Question

Power required to drive a centrifugal pump is directly proportional to …………………….. of its impeller.
(a) Cube of a diameter
(b) Fourth power of diameter
(c) Square of diameter
(d) Diameter

Answer 1

- Hint – In this question use the concept that the power required to drive a centrifugal pump is directly proportional to the impeller diameter, but we have to figure out which power of diameter makes the actual significance while calculating the power of the centrifugal pump.
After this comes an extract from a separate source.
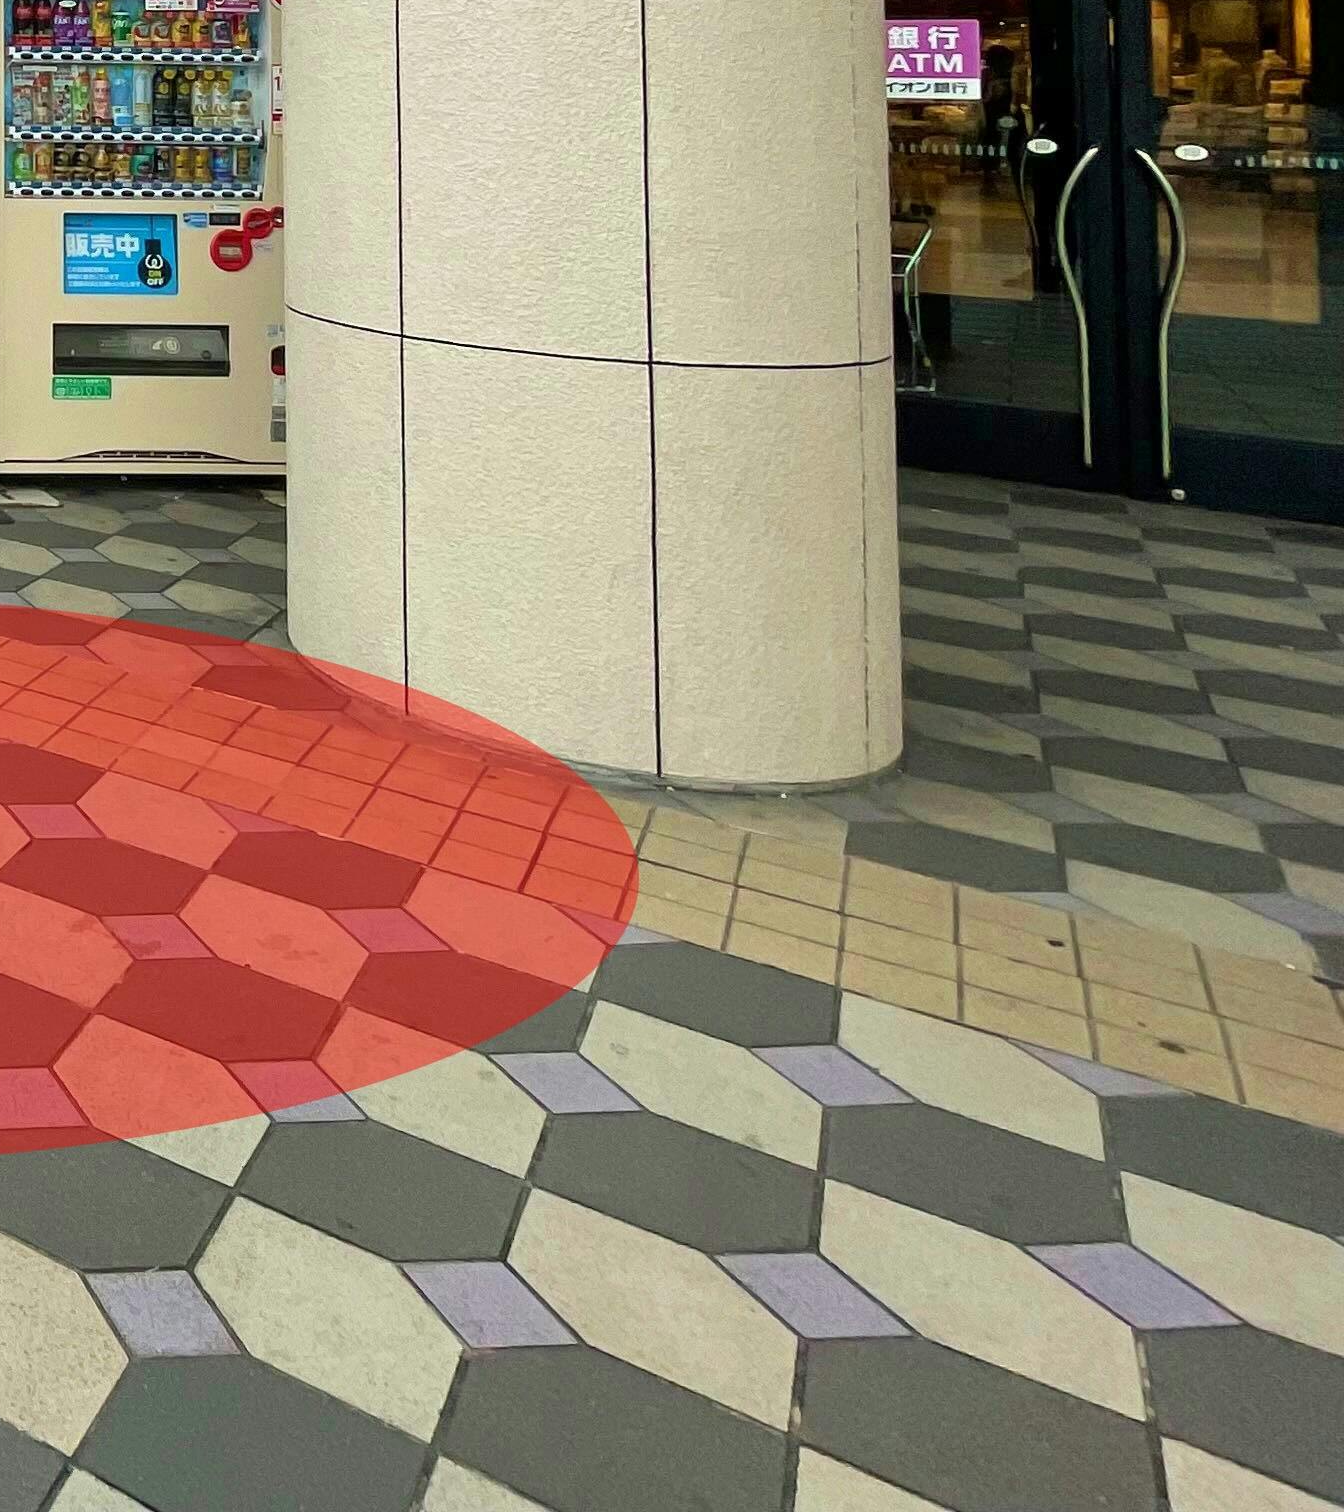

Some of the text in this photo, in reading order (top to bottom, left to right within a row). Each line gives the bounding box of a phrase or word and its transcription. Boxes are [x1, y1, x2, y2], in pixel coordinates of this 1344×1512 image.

[887, 53, 964, 74] ATM
[886, 81, 968, 94] イオン銀行
[65, 232, 140, 259] 販売中
Complete step-by-step solution -

Power consumed by a Centrifugal pump is dependent on the quantity of water pumped and the rate of pumping.
So the quantity of water pumped is dependent on the diameter and how big the diameter greater will be the water pumped.
And the power (P) required to drive a centrifugal pump is directly proportional to fourth power of the diameter (d) of its impeller.
$ \Rightarrow p{\text{ }}\alpha {\text{ }}{d^4}$.................. (1)
Let’s take an example: consider two pumps, pump 1 and pump 2 with similar make, only difference being in their impeller diameter.
Consider pump 1 diameter = ${d_1}$ and pump 2 diameter = ${d_2}$
Let’s consider that ${d_2} > {d_1}$
So according to equation (1) the power required by the second pump is greater than power required by the first pump as power is directly proportional to the fourth power the diameter.
$ \Rightarrow \dfrac{{{p_2}}}{{{p_1}}} = {\left( {\dfrac{{{d_2}}}{{{d_1}}}} \right)^4}$
$ \Rightarrow {p_2} = {p_1}{\left( {\dfrac{{{d_2}}}{{{d_1}}}} \right)^4}$
So this is the required answer.
Hence option (B) is correct.

Note – The work performed by the pump is equal to the weight of liquid pumped in unit time multiplied by total head in meters. However the pump capacity in ${m^3}/hr$ and liquid specific gravity are used rather than the weight of liquid pumped for work done by the pump. In a centrifugal pump the fluid enters the rapidly rotating impeller along its axis and is cast out by centrifugal force along its circumference through the impeller’s vane tips.